GOP’s 2020 election inquiry contract extended by 6 months

election
A small band of Trump supporters demonstrate as electors gathered to cast their votes for the U.S. presidential election at the State Capitol complex in Harrisburg, Pennsylvania, December 14, 2020.
REUTERS/Jonathan Ernst/File Photo

Republicans in the Pennsylvania Legislature are extending their inquiry into the state’s 2020 presidential election inspired by former President Donald Trump’s baseless claims of election fraud.

The contract is to last for another six months, through Nov. 18, under an extension signed last week by Senate Majority Leader Kim Ward, the Senate Republicans’ general counsel and the Senate’s chief clerk.

The original no-bid contract, including an addendum, was worth $485,115 and expired last week. The extension has no dollar figure attached to it.

Senate Republican officials say the contractor hasn’t billed for the contract’s full value while Republicans fight in court to get access to voting machines and certain information about voters and voting systems that Democrats say is protected by privacy laws.

Senators leading what they call an “investigation” have yet to report any findings and say they are simply looking for ways to improve the state’s elections, not overturn the 2020 presidential election.

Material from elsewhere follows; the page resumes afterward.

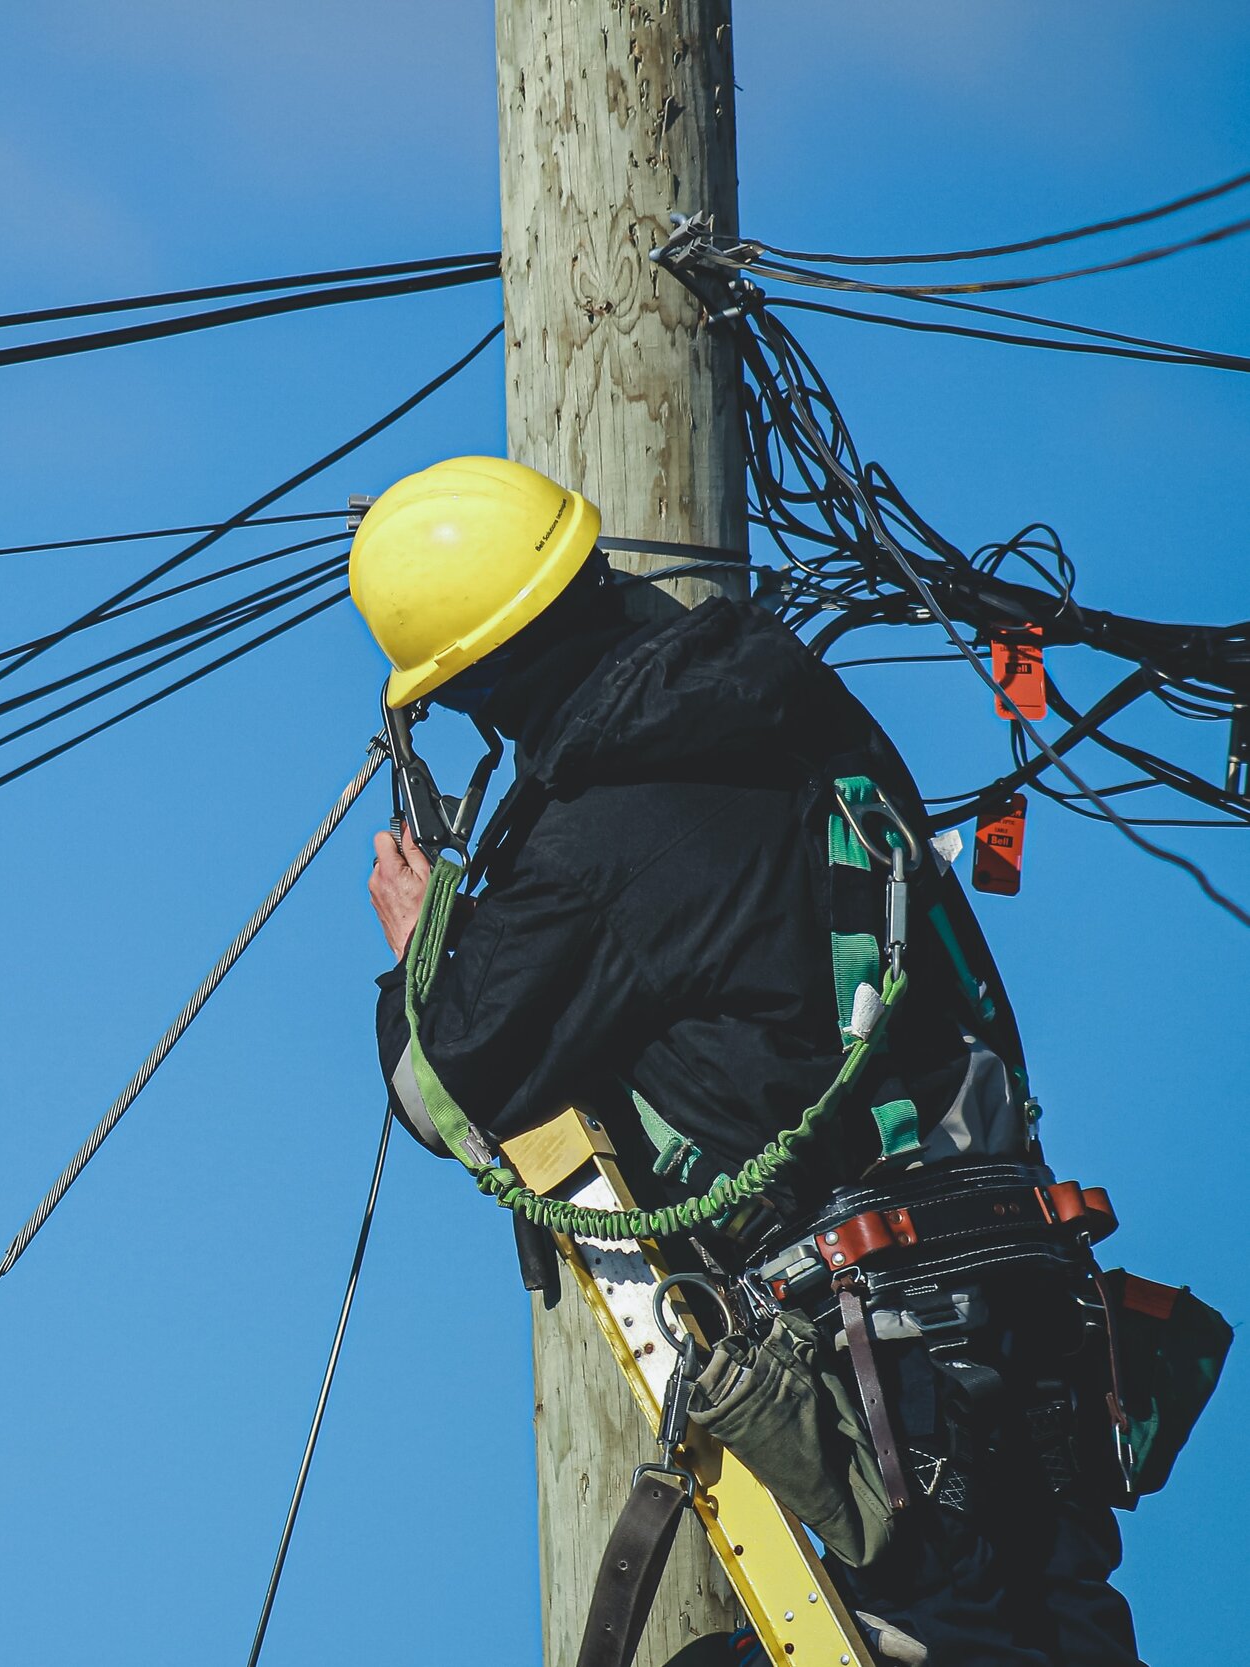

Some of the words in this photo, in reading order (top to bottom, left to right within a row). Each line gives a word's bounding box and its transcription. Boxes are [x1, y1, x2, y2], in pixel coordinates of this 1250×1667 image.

The undertaking has spawned three court cases and comes after Trump and his supporters have pressured allies in battleground states he lost to seek out fraud to validate their conspiracy theories.

Critics, including Republican senators, warn that its backers want nothing less than to overturn 2020’s election. Democrats have broadly opposed it and characterized it as an effort to discredit President Joe Biden’s win, damage confidence in elections and take away voting rights.